An analysis by the Colorado Sun further found that in the lead-up to Labor Day, about $9 million in TV ads had aired or been booked in the race at that point. During 2020’s Senate campaign between Democrat John Hickenlooper and Republican Cory Gardner, nearly $46 million in ads had either been booked or spent by that time. Hickenlooper won the race with 53.5% of the vote to unseat Gardner.

The most recent fundraising numbers won’t be available for another month, but Bennet started the general election campaign with a large fundraising advantage over O’Dea. The challenger expects Bennet will outspend him 6-to-1 in the end, but “he can’t sidestep the issues that he’s caused $20 trillion in debt in the 13 years that he’s he’s been in office. That’s not a badge of honor.”

Hispanic Coloradans may prove a decisive demographic in whether O’Dea or Bennet go to Washington, D.C. after the election.
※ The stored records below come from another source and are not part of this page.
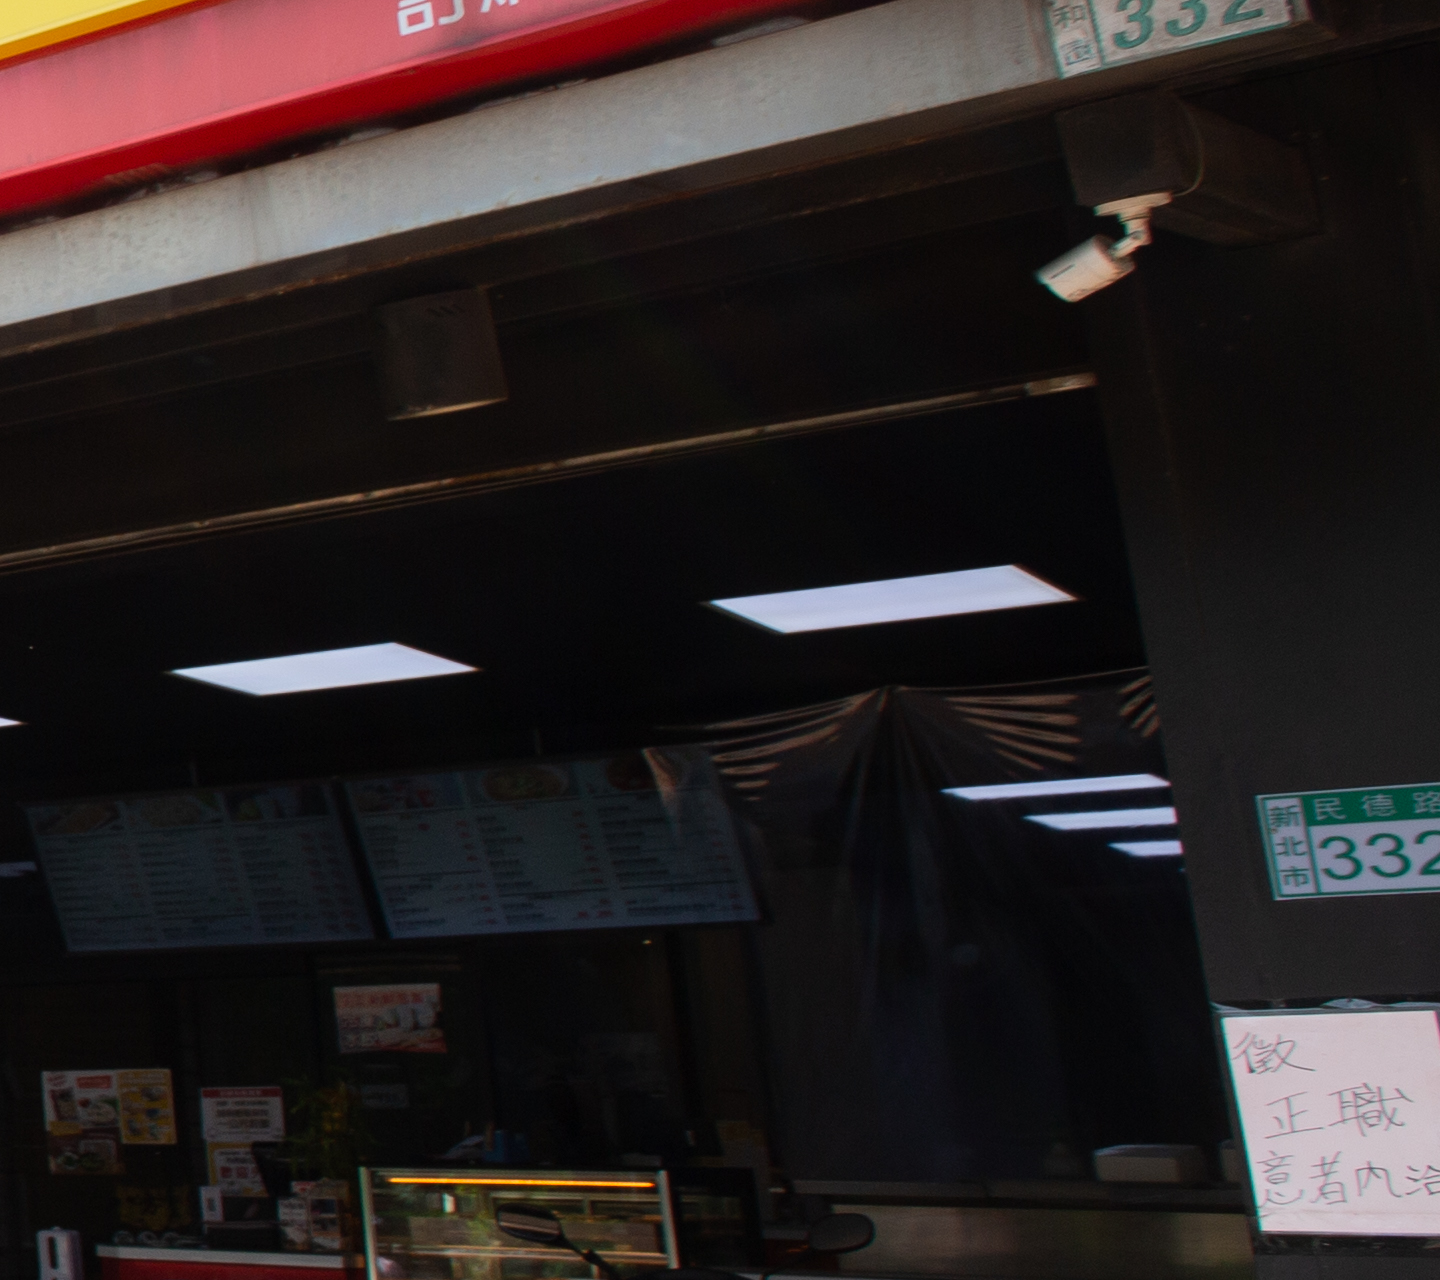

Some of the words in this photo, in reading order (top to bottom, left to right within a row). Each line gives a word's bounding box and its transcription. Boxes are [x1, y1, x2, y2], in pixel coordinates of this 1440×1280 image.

[1269, 804, 1311, 888] 新北市
[1265, 1082, 1414, 1138] 正職
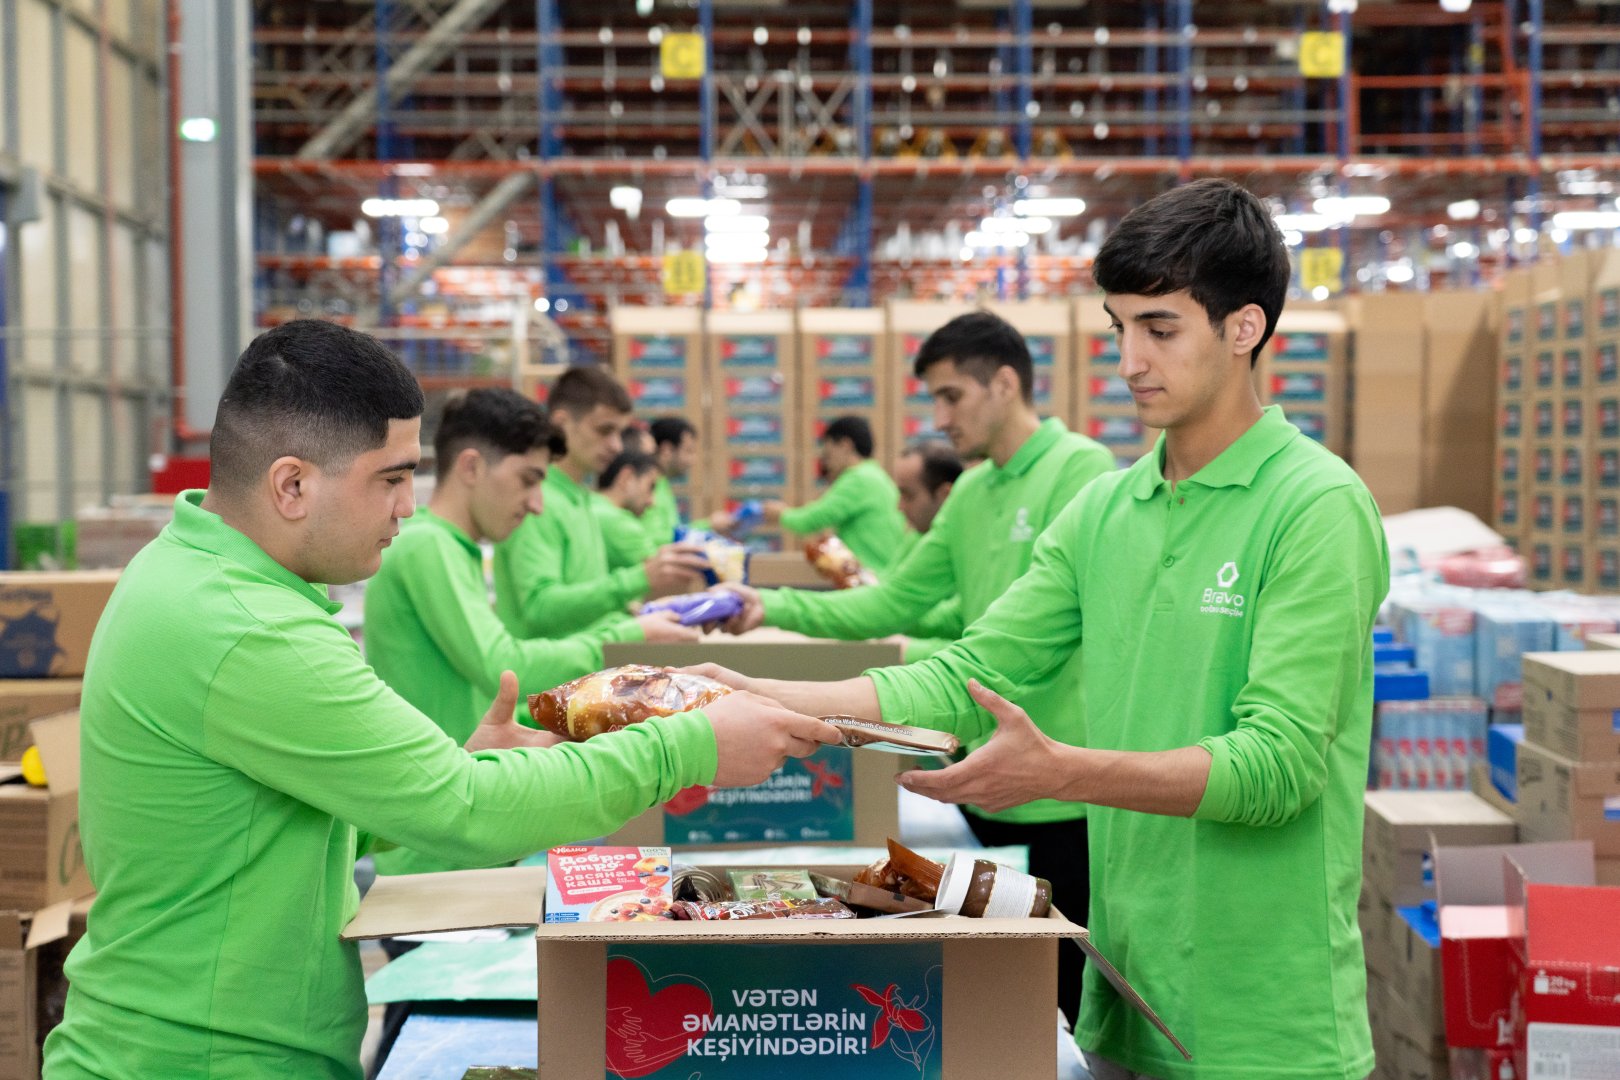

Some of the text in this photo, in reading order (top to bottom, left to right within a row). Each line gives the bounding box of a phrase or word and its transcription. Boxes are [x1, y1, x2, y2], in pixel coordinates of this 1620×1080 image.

[1202, 588, 1244, 607] Bravo
[842, 718, 861, 727] Wafer
[861, 721, 874, 729] with
[874, 723, 893, 733] Cocoa
[893, 728, 913, 737] Cream
[558, 853, 638, 867] Доброе
[565, 878, 613, 888] каша
[731, 988, 817, 1007] VƏTƏN
[682, 1008, 866, 1032] ƏMANƏTLƏRİN
[687, 1032, 867, 1062] KEŞİYİNDƏDİR!
A recent poll commissioned by Unidos and Mi Familia Vota found inflation and the rising cost of living by far the biggest concern among Hispanic Coloradans. More than half of the likely voters surveyed ranked it in their top three biggest issues, with 30% listing jobs and the economy and 23% citing a lack of affordable housing or high rents.
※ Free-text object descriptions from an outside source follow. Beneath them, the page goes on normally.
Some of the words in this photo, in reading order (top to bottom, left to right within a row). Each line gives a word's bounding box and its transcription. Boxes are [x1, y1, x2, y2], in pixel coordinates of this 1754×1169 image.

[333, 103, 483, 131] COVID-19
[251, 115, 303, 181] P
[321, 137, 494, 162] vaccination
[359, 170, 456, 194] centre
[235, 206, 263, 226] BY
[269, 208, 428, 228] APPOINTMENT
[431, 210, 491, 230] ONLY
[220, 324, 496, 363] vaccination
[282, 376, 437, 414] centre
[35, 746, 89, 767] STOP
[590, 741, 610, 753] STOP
The poll has a margin of error of plus-or-minus 5.7 percentage points. Pollsters were talking to voters in the last 10 days of July, when gas prices were just starting to come down from summer highs. Even though prices have fallen by more than $1 per gallon since, pollster Gary Segura, president and co-founder of BSP Research, said that strain on Colorado budgets is still fresh in the minds of many.

“All voters, regardless of race or ethnicity, update slowly,” Segura said. “Gas prices are falling is different from you knowing gas prices are falling, or you feeling it when you go to the pump.”

The poll found a rising number of Hispanics who rank abortion access as a key issue. It’s a relatively new trend, Segura said. Hispanic voters have traditionally been pro-abortion access, but it’s now a “deal breaker” for many.

Abortion remains an issue Bennet, Democrats and supporters aim to hammer O’Dea on. Advocates held a press call on the matter last week to argue any limits on the procedure would lead to harm for pregnant people. Health care should be a private matter between a patient and their doctor, they said.

O’Dea has stated his support for Roe v. Wade — including its limits on abortion later in pregnancy. He recently said he supports abortion access through the first 20 weeks of pregnancy, with exceptions for things like health and in cases of rape or incest, according to the Colorado Sun. He also said he voted for a Colorado ballot measure in 2020 that would have banned abortion after 22 weeks of gestation. Colorado voters rejected that measure, 59% to 41%.